In the western world, Indian cuisine is mostly equated with rich, spicy gravies – kofta curry and chhole bhature and shahi paneer and their ilk. In reality, Indian cuisine is far broader than that. Indian food can be simple and minimalistic, as this dish I’m going to write about today – roasted moong dal with a green vegetable combination. A recipe I picked up from a friend from Andhra, it’s been a regular in my kitchen since.
Ridge gourd and moong dal are both very gentle on the stomach, as are asafoetida (hing in Hindi) and lemon, the prime flavourings in this dish. Hing is a strong spice and, I suspect, an acquired taste. If this is the first time you’re cooking with hing, I’d suggest using very little of it. If you like it, use more another time. I do recommend it warmly, especially for its wide array of health benefits.
The best part – this dish can be readied in no time at all. Moong dal cooks quickly even without soaking, ridge gourd takes hardly any time either.
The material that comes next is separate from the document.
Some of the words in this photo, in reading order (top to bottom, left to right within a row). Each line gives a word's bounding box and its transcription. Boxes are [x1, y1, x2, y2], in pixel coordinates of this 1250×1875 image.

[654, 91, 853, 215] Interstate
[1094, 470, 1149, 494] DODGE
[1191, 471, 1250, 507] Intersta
- Roasted moong dal – 1 cup
- Ridge gourd – 1, large
- Green chili – 2
- Mustard seeds – 1 teaspoon
- Asafoetida powder – 1/2 teaspoon
- Turmeric powder – 1/2 teaspoon
- Salt – to taste
- Lemon juice – 1 tablespoon
- Curry leaves – 4-5
- Oil – 1 teaspoon (for the ridgegourd) + 1 teaspoon (for the tadka)
Pressure cook the roasted moong dal with two cups of water. Cook till two whistles and let the pressure release naturally.
Peel a ridge gourd and cut it into bite size pieces. Slit the green chilies vertically and deseed.
Heat one teaspoon of oil in a pan. Add the ridge gourd and green chilies, let them cook on medium flame covered for a couple of minutes. The ridge gourd will release water and become soft. At this stage, add the moong dal, turmeric powder and salt. Mix well and cook another 2-3 minutes. Switch off the heat, mix lemon juice and do the tadka.
For the tadka: Heat a teaspoon of oil in a tadka ladle. When smoking hot, add the mustard seeds. They will crackle in an instant. Switch off the heat, drop in the hing powder and curry leaves. Give the ladle a swirl so that the curry leaves release their flavour evenly.
When the crackling subsides (in 15 seconds or so), turn the contents of the ladle gently in to the hot ridgegourd-dal. [Doesn't the tadka make a lovely sound on contact? :)]
Mix well and serve the hot ridgegourd-moong dal with chapatis.
If you are using asafoetida granules instead of powder, add it before the mustard seeds into the tadka.